[Stored data entries]
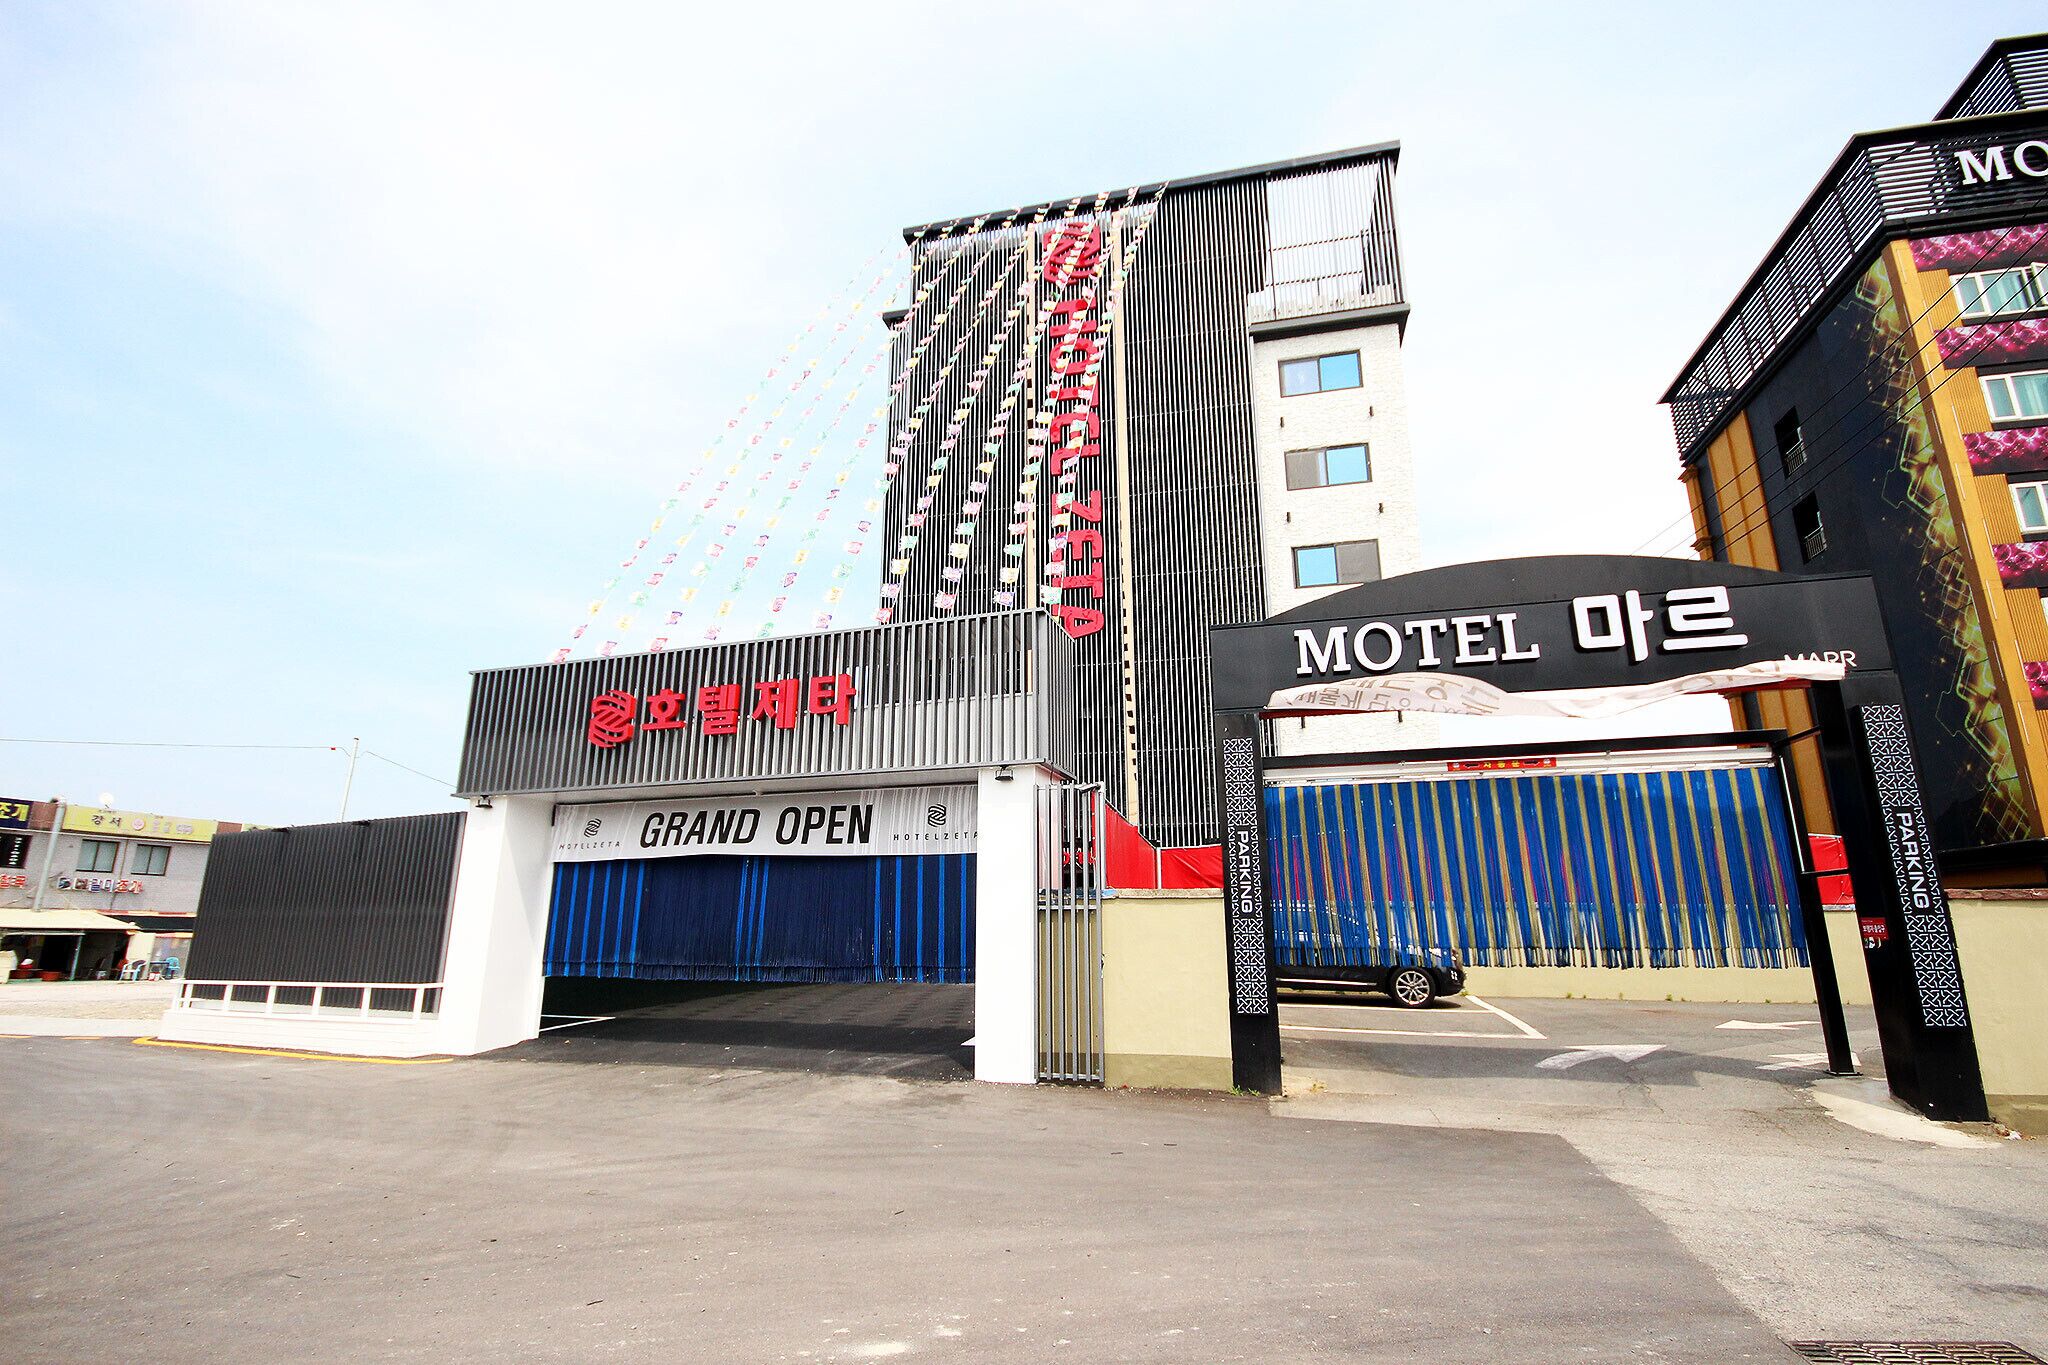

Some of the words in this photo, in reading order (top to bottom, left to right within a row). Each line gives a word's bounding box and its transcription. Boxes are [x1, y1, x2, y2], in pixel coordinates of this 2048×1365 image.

[1953, 140, 2048, 185] MO
[1050, 297, 1099, 476] HOTEL
[1051, 490, 1105, 639] ZETA
[1294, 612, 1541, 675] MOTEL
[1572, 586, 1749, 662] 마르
[641, 673, 857, 736] 호텔제타
[640, 808, 761, 849] GRAND
[776, 804, 874, 846] OPEN
[1896, 813, 1930, 909] PARKING
[1237, 831, 1253, 914] PARKING
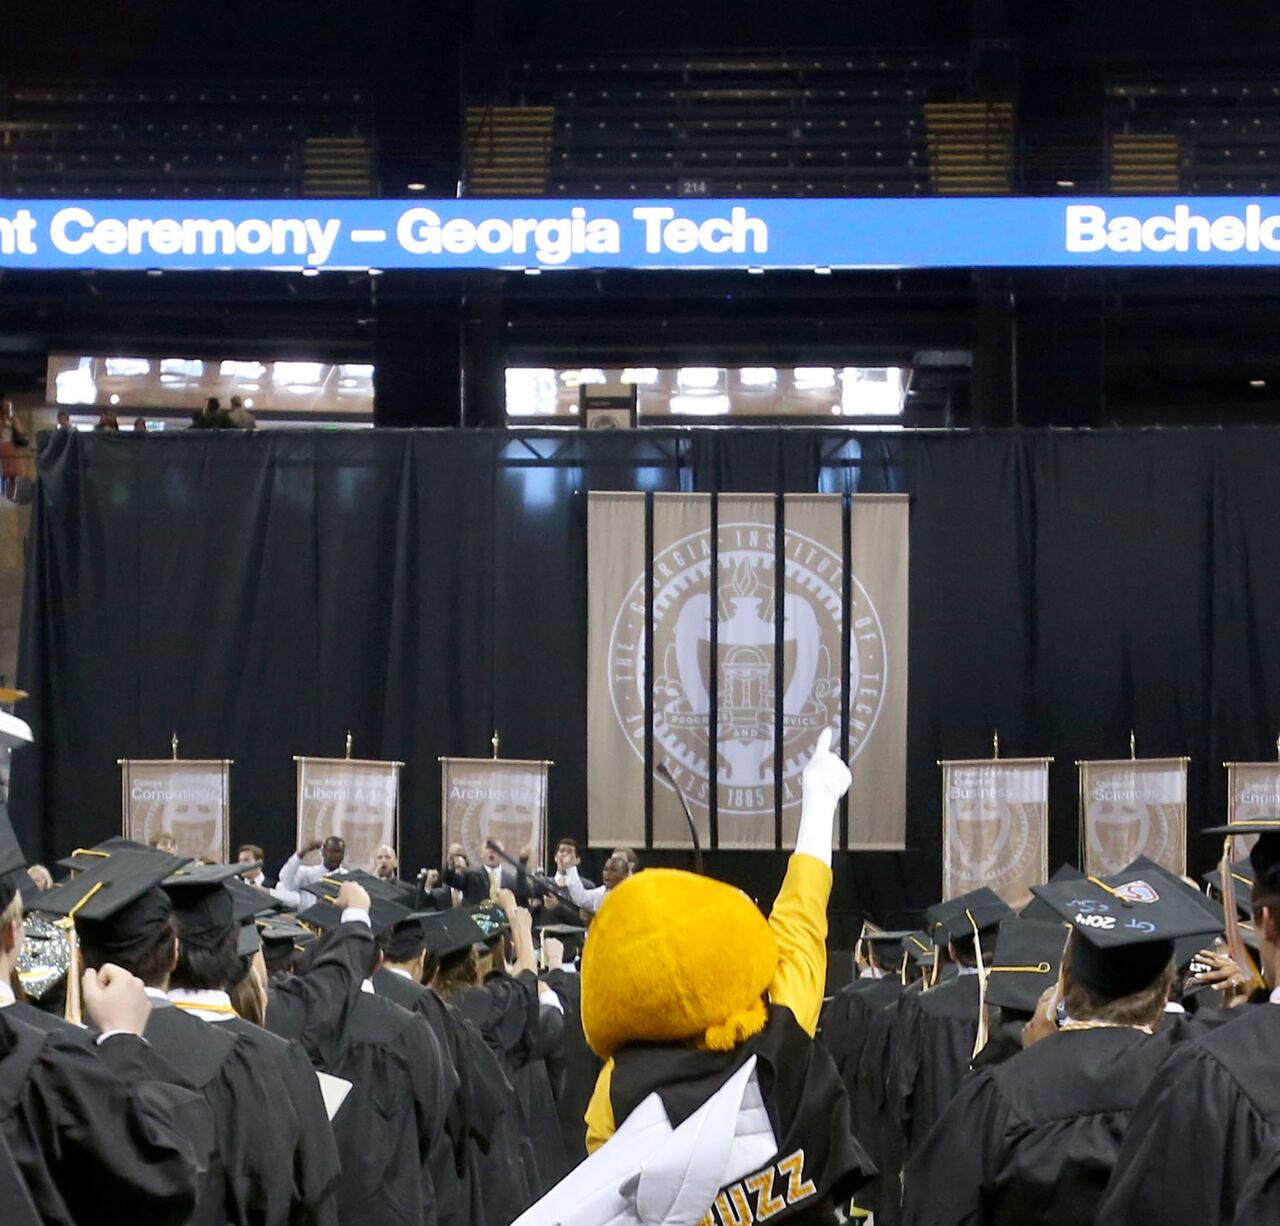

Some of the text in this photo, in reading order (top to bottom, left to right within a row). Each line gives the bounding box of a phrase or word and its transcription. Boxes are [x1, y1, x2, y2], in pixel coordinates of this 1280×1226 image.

[683, 181, 705, 193] 214
[49, 207, 342, 266] Ceremony
[396, 206, 621, 265] Georgia
[632, 206, 769, 254] Tech
[736, 529, 843, 595] INSTITUT
[728, 787, 765, 809] 1885
[1074, 912, 1117, 930] 2014

§ **DESCRIPTION OF THE TASK**:
Each entry above should be copied word for word, with the images omitted.

§ **RESULT**:
Some of the words in this photo, in reading order (top to bottom, left to right within a row). Each line gives a word's bounding box and its transcription. Boxes are [x1, y1, x2, y2], in pixel coordinates of this 2048×1365 image.

[1953, 140, 2048, 185] MO
[1050, 297, 1099, 476] HOTEL
[1051, 490, 1105, 639] ZETA
[1294, 612, 1541, 675] MOTEL
[1572, 586, 1749, 662] 마르
[641, 673, 857, 736] 호텔제타
[640, 808, 761, 849] GRAND
[776, 804, 874, 846] OPEN
[1896, 813, 1930, 909] PARKING
[1237, 831, 1253, 914] PARKING

Some of the text in this photo, in reading order (top to bottom, left to right within a row). Each line gives the bounding box of a phrase or word and its transcription. Boxes are [x1, y1, x2, y2], in pixel coordinates of this 1280×1226 image.

[683, 181, 705, 193] 214
[49, 207, 342, 266] Ceremony
[396, 206, 621, 265] Georgia
[632, 206, 769, 254] Tech
[736, 529, 843, 595] INSTITUT
[728, 787, 765, 809] 1885
[1074, 912, 1117, 930] 2014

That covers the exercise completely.